--- Given data ---

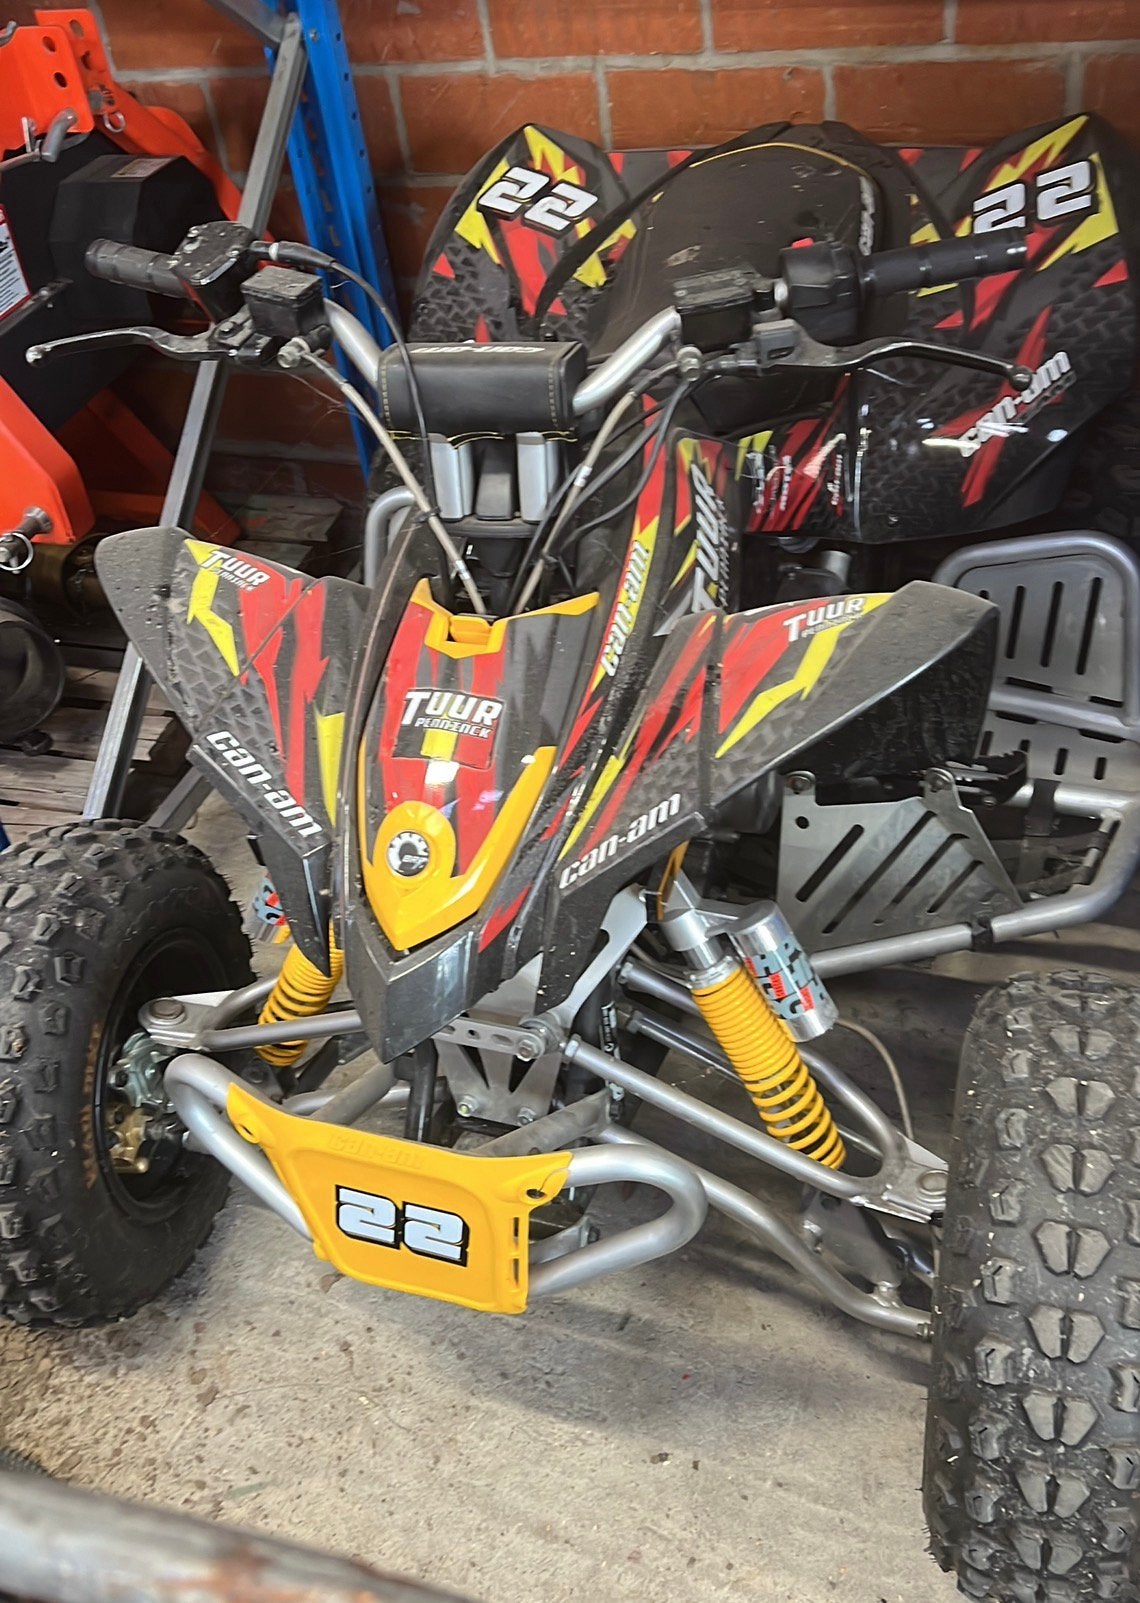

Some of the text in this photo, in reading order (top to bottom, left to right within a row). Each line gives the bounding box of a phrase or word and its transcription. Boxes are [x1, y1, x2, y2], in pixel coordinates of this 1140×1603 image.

[477, 165, 599, 234] 22
[971, 159, 1093, 234] 22
[200, 550, 272, 586] TUUR
[600, 539, 650, 677] can-am
[783, 597, 866, 642] TUUR
[400, 691, 503, 726] TUUR
[206, 731, 323, 837] can-am
[558, 793, 682, 889] can-am
[335, 1184, 469, 1267] 22
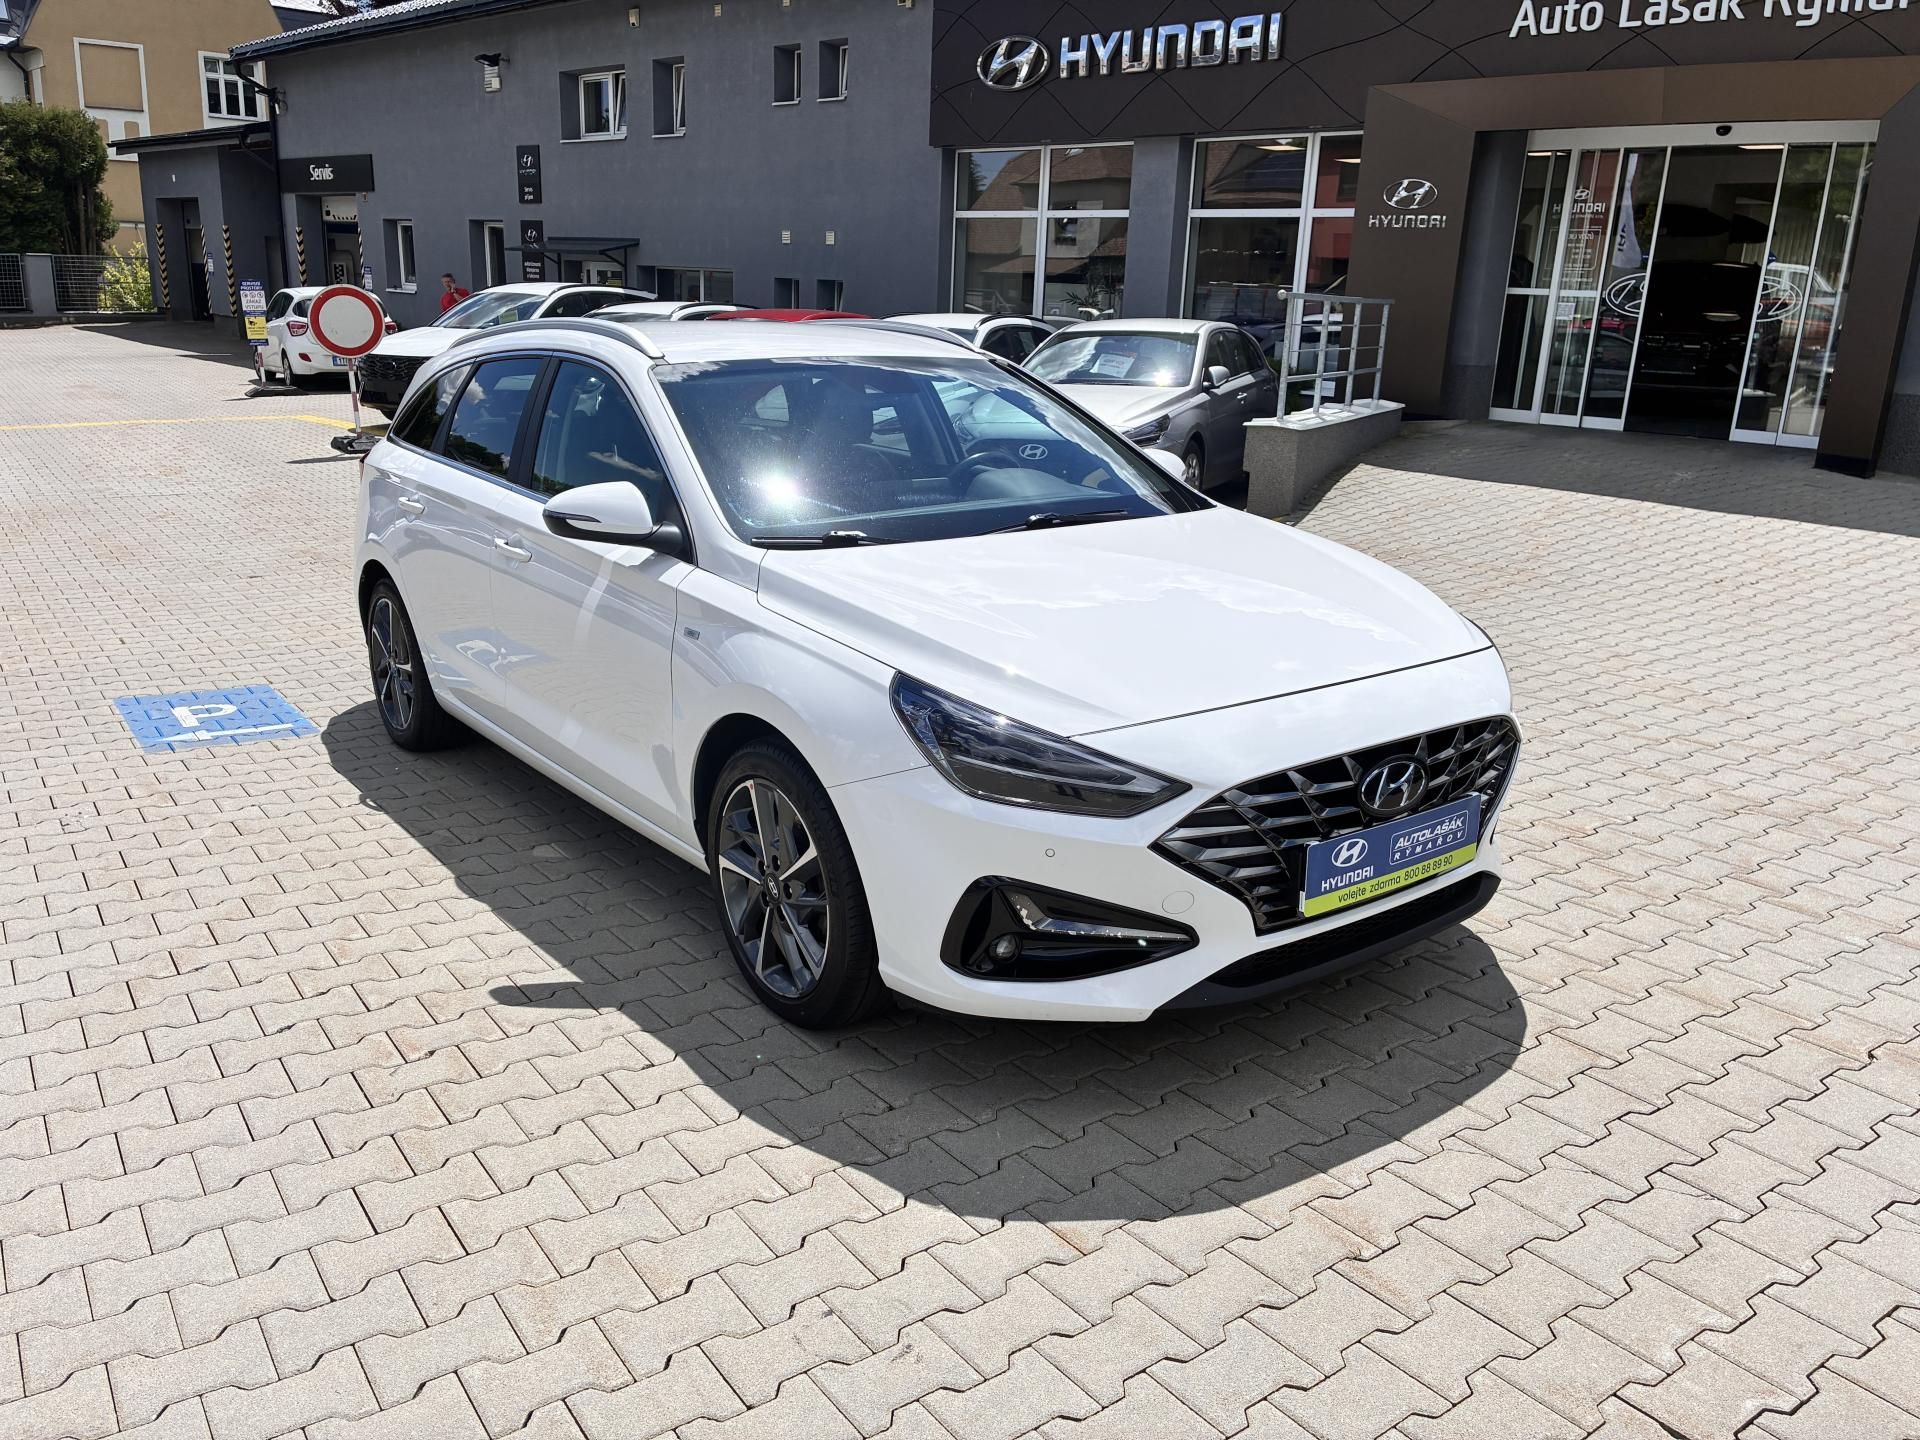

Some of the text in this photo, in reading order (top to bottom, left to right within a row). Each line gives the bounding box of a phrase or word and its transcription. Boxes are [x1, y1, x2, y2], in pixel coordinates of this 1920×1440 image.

---

### About this exercise
When you copy the data, keep every line exact and drop the pictures.

### Task solution
Some of the text in this photo, in reading order (top to bottom, left to right within a row). Each line gives the bounding box of a phrase or word and its transcription. Boxes are [x1, y1, x2, y2], in pixel coordinates of this 1140×1603 image.

[477, 165, 599, 234] 22
[971, 159, 1093, 234] 22
[200, 550, 272, 586] TUUR
[600, 539, 650, 677] can-am
[783, 597, 866, 642] TUUR
[400, 691, 503, 726] TUUR
[206, 731, 323, 837] can-am
[558, 793, 682, 889] can-am
[335, 1184, 469, 1267] 22

Some of the text in this photo, in reading order (top to bottom, left to right within a row). Each line gives the bounding box of a phrase or word and its transcription. Boxes are [x1, y1, x2, y2], in pixel coordinates of this 1920×1440 image.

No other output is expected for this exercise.